Bebida Beverage Company is a company which manufactures Koma Unwind, a carbonated, berry flavored relaxation drink with melatonin, milk thistle, rose hips and valerian root as ingredients.

Products
Koma Unwind is made in several varieties: Regular, Sugar Free, Zero, and Shots. Regular and Sugar Free come in 12 oz cans, and contain valerian root, rose hips, and melatonin. Zero contains a combination of valerian root, milk thistle, rose hips, B-12, chamomile, L-theanine and passion flower. In addition to Koma Unwinde, the company also makes Potencia Energy (drinks and shots), Relax 5 shots, and Piranha Water.

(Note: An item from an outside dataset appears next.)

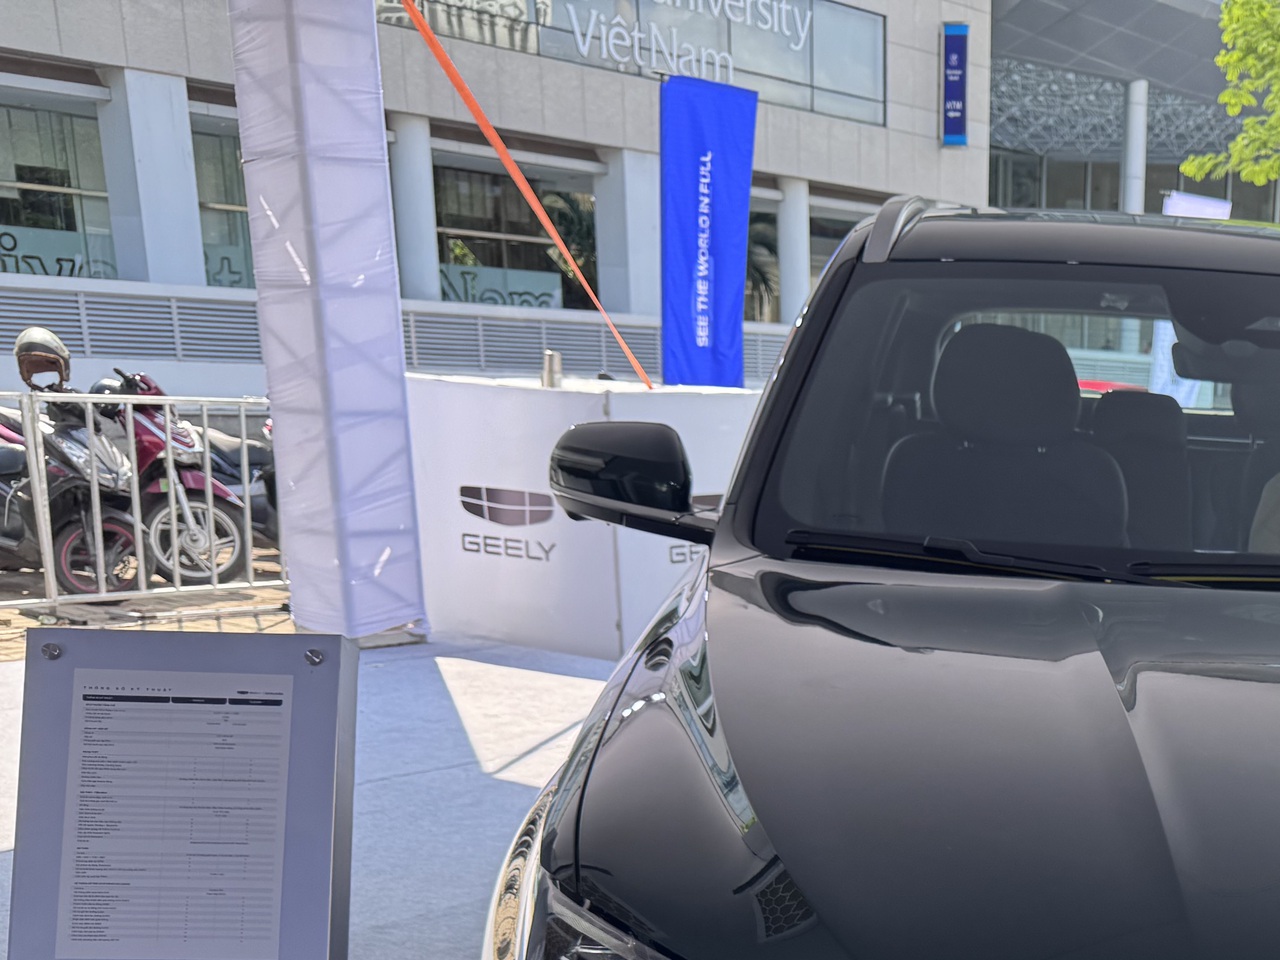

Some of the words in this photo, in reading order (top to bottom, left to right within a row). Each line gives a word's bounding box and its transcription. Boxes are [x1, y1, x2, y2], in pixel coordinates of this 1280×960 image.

On June 6, 2013, Bloomberg Businessweek reported that Koma Unwind was one of the six biggest sellers in the relaxation beverage industry.

In March 2015 the Food and Drug Administration issued a Warning Letter to Bebida over labeling and inclusion of the neurohormone melatonin. Melatonin can be included in supplements, but is not approved as a food additive, and is therefore considered an adulterant. The FDA contends that Koma is described as a supplement, but is sold and marketed as a beverage. As of August 13, 2015, the FDA has put a halt to selling Koma Unwind until the company fixes its labeling.

Marketing

United States

Koma Unwind advertises in such sports such as NASCAR, Hydroplane racing, and competitive fishing.

Stock car racing
In October 2009 Koma Unwind sponsored NASCAR Driver Steve Park in Camping World Truck race at Talladega, Alabama.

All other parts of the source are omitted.